Fit to Be Tired
Do I look exhausted? Don't feel sorry for me. That hunted look just shows I'm staying ahead of the competition.
By Kevin Kelly

(FORTUNE Small Business) – Relentless. That is what business has become. These days it seems that customers need to keep their suppliers in a permanent state of crisis. Recently one of our bigger customers awarded us a large order—and then demanded delivery within a week, four times faster than usual. And that is just one example of our plight. If our family-owned plastic-bag-making company is not scrambling to meet the demands of customers who claim they can get it cheaper and faster elsewhere, then we are ripping up the schedule at day's end to bail out a buyer who has managed to run out of product.
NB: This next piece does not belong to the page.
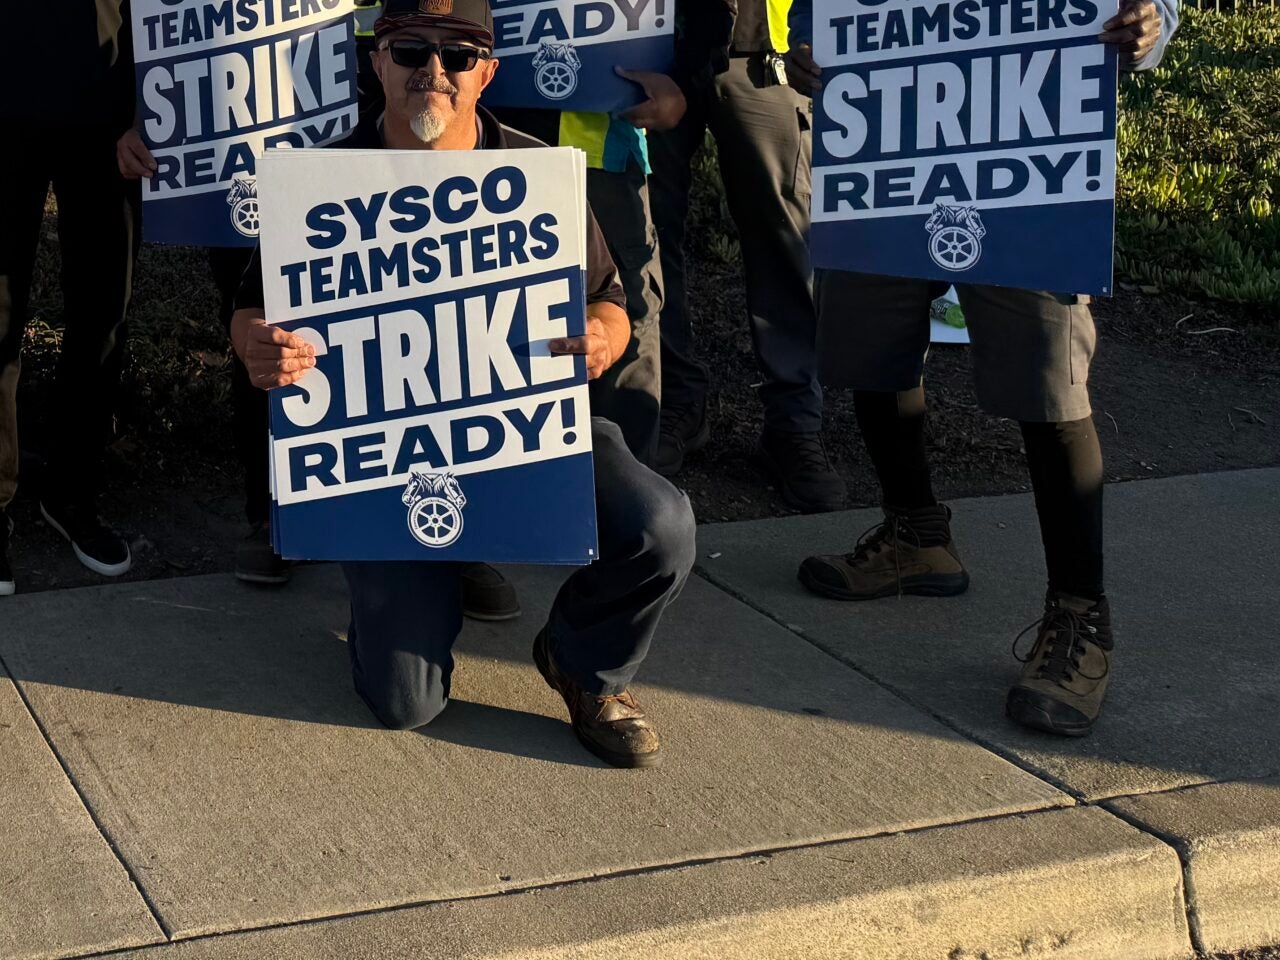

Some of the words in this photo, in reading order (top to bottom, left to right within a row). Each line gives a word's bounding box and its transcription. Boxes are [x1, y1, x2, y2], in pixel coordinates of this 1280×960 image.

In fact, constantly shifting customer timetables have forced our company to hold scheduling meetings twice daily.

It is exhausting. Customer demands keep me and other managers logging ten-hour days and inhibit our ability to plan. But as much as I want to complain, I'm beginning to see relentlessness as my ally. Short lead times give us a huge advantage over our less agile rivals, especially larger manufacturers or distributors importing from overseas. While the bureaucracy of a large company might get in the way of making last-minute schedule changes, our customers know that they can issue a distress call to me and my family and get help.

So we are gearing up to handle the madness. For us, being able to respond quickly means taking actions that not so long ago would have seemed counter to running a successful business in a low-margin commodity sector. Namely, we are boosting our cost structure. During the past few months we have added an extra customer service person and doubled the size of our art department, which processes package designs. Neither position directly generates new sales. But to chop lead times we have to get orders into our system and through production. The only way I know to do that is by adding salaries, in this case more than $110,000 a year.

We are also dumping money into computer systems to speed us up. Over the next year we plan to invest at least $60,000 in software to help get information to our customers more quickly. And we are finally doing what our larger brethren did years ago, leaving behind the world of manual inventory counts to embrace bar-code technology that will help us track raw materials and finished-goods inventory. That will allow us to tell customers much more quickly what we have available without requiring the customer service agent to run into the factory and perform a physical count. We're also adding a nifty feature to our order-entry software that will allow agents to simply copy an old order, update the price, quantity, and due date, and spit out a new order in seconds.

For a manufacturer, adding more equipment or getting more out of existing equipment remains one of the best ways to get products to customers faster. We recently spent $1.5 million on a new printing press that increased our capacity 20%, thanks to the machine's ability to run difficult jobs twice as speedily as any of our existing equipment. On those older machines we are studying ways to reduce setup times, and managers are teaching employees how to run machines more quickly. The result? We are producing faster than we expected.

Throwing more money into machinery strains our cash flow, which already was tight. But I don't think we have a choice. Our customer service manager figures that she wastes eight hours a week doing physical inventories. Meanwhile, customers wait for answers. And I spend my days answering calls from stressed-out buyers begging for delivery on orders so new they haven't hit our schedule yet. The peace of mind that comes with better systems and more people makes the moves no-brainers. Not to mention the customers who will stay because they know we'll take care of them. Especially if they need the bags in a week.